(Input records Opens)

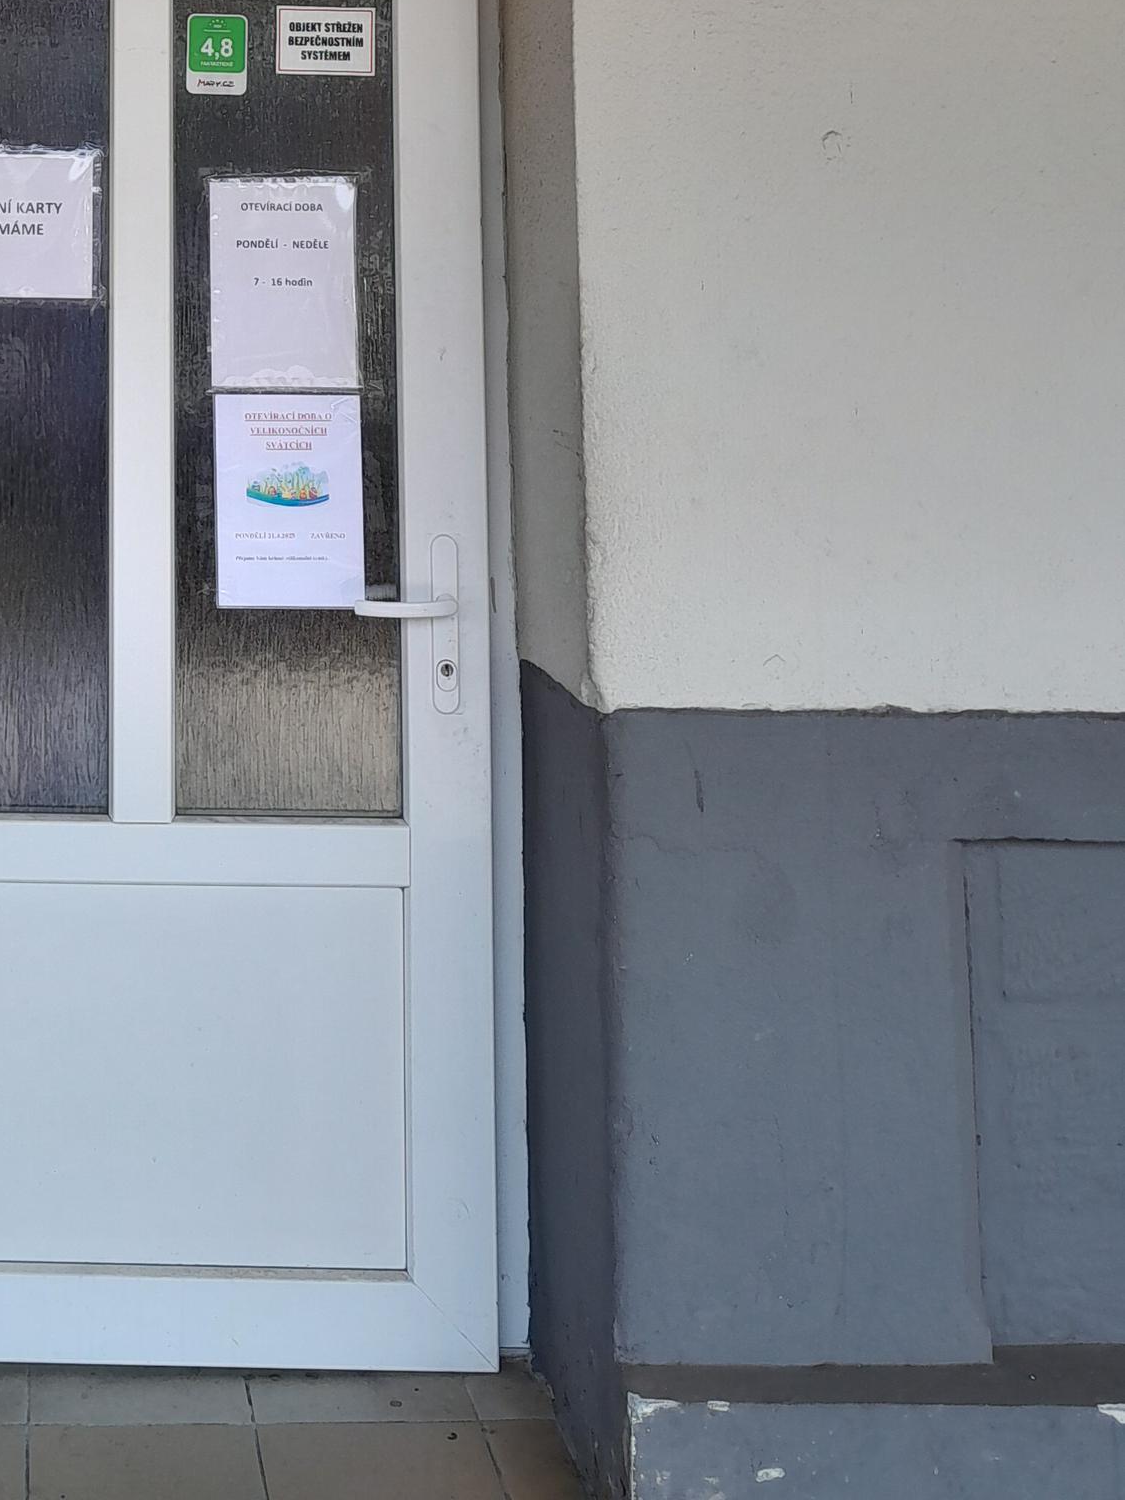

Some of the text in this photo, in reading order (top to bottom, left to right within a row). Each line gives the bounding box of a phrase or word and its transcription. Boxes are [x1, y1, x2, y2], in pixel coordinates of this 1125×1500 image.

[288, 20, 364, 34] OBJEKT STŘEŽEN
[287, 34, 364, 48] BEZPEČNOSTNÍM
[199, 37, 234, 60] 4,8
[300, 48, 351, 62] SYSTÉMEM
[16, 201, 63, 215] KARTY
[240, 200, 324, 212] OTEVÍRACÍ DOBA
[236, 237, 279, 250] PONDĚLÍ
[292, 238, 330, 250] NEDĚLE
[253, 277, 260, 287] 7
[271, 277, 283, 287] 16
[285, 277, 313, 287] hodin
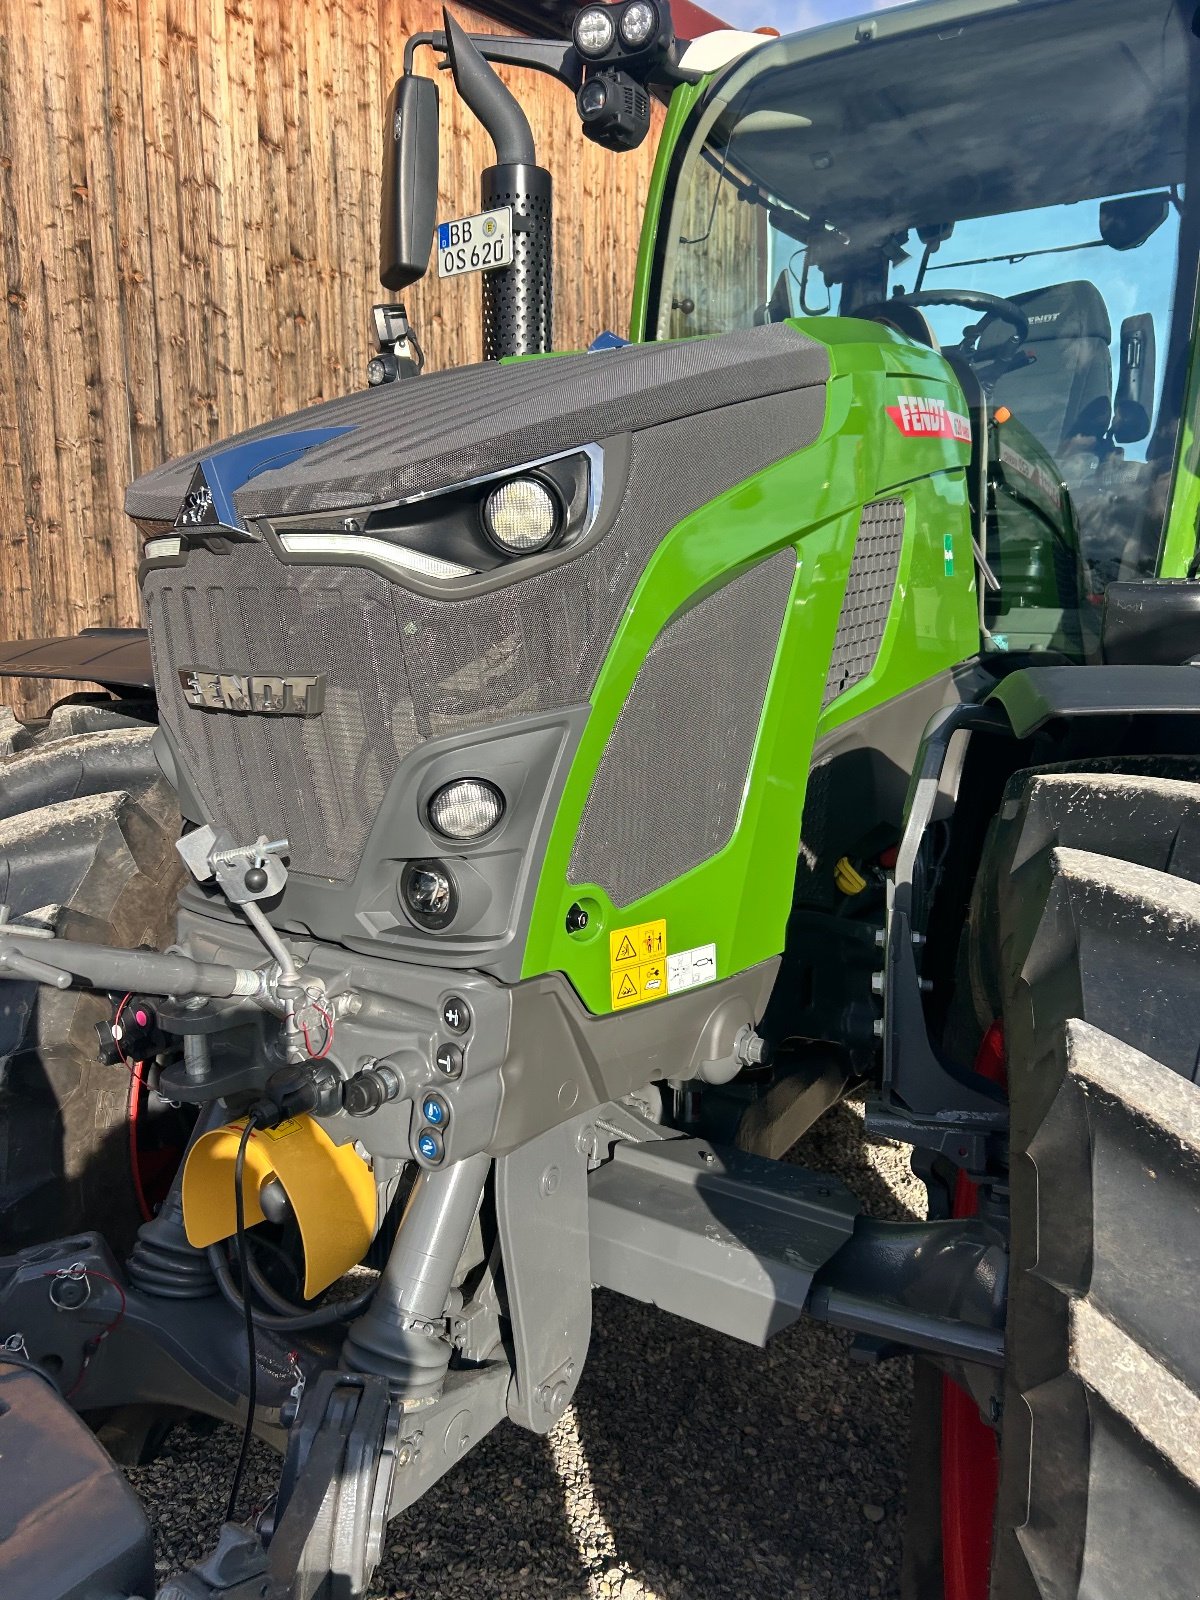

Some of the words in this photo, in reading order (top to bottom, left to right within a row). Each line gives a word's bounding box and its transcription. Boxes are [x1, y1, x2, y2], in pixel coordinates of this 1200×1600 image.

[450, 221, 472, 246] BB
[444, 248, 466, 272] OS
[471, 240, 504, 266] 620
[1028, 312, 1060, 324] ENDT
[897, 396, 945, 432] FENDT
[178, 668, 318, 713] FENDT

(Input records Closes)

Problem statement: Output the entries exactly as they appear, with no pictures included.

Output below:
Some of the text in this photo, in reading order (top to bottom, left to right within a row). Each line gives the bounding box of a phrase or word and its transcription. Boxes are [x1, y1, x2, y2], in pixel coordinates of this 1125×1500 image.

[288, 20, 364, 34] OBJEKT STŘEŽEN
[287, 34, 364, 48] BEZPEČNOSTNÍM
[199, 37, 234, 60] 4,8
[300, 48, 351, 62] SYSTÉMEM
[16, 201, 63, 215] KARTY
[240, 200, 324, 212] OTEVÍRACÍ DOBA
[236, 237, 279, 250] PONDĚLÍ
[292, 238, 330, 250] NEDĚLE
[253, 277, 260, 287] 7
[271, 277, 283, 287] 16
[285, 277, 313, 287] hodin

Some of the words in this photo, in reading order (top to bottom, left to right within a row). Each line gives a word's bounding box and its transcription. Boxes are [x1, y1, x2, y2], in pixel coordinates of this 1200×1600 image.

[450, 221, 472, 246] BB
[444, 248, 466, 272] OS
[471, 240, 504, 266] 620
[1028, 312, 1060, 324] ENDT
[897, 396, 945, 432] FENDT
[178, 668, 318, 713] FENDT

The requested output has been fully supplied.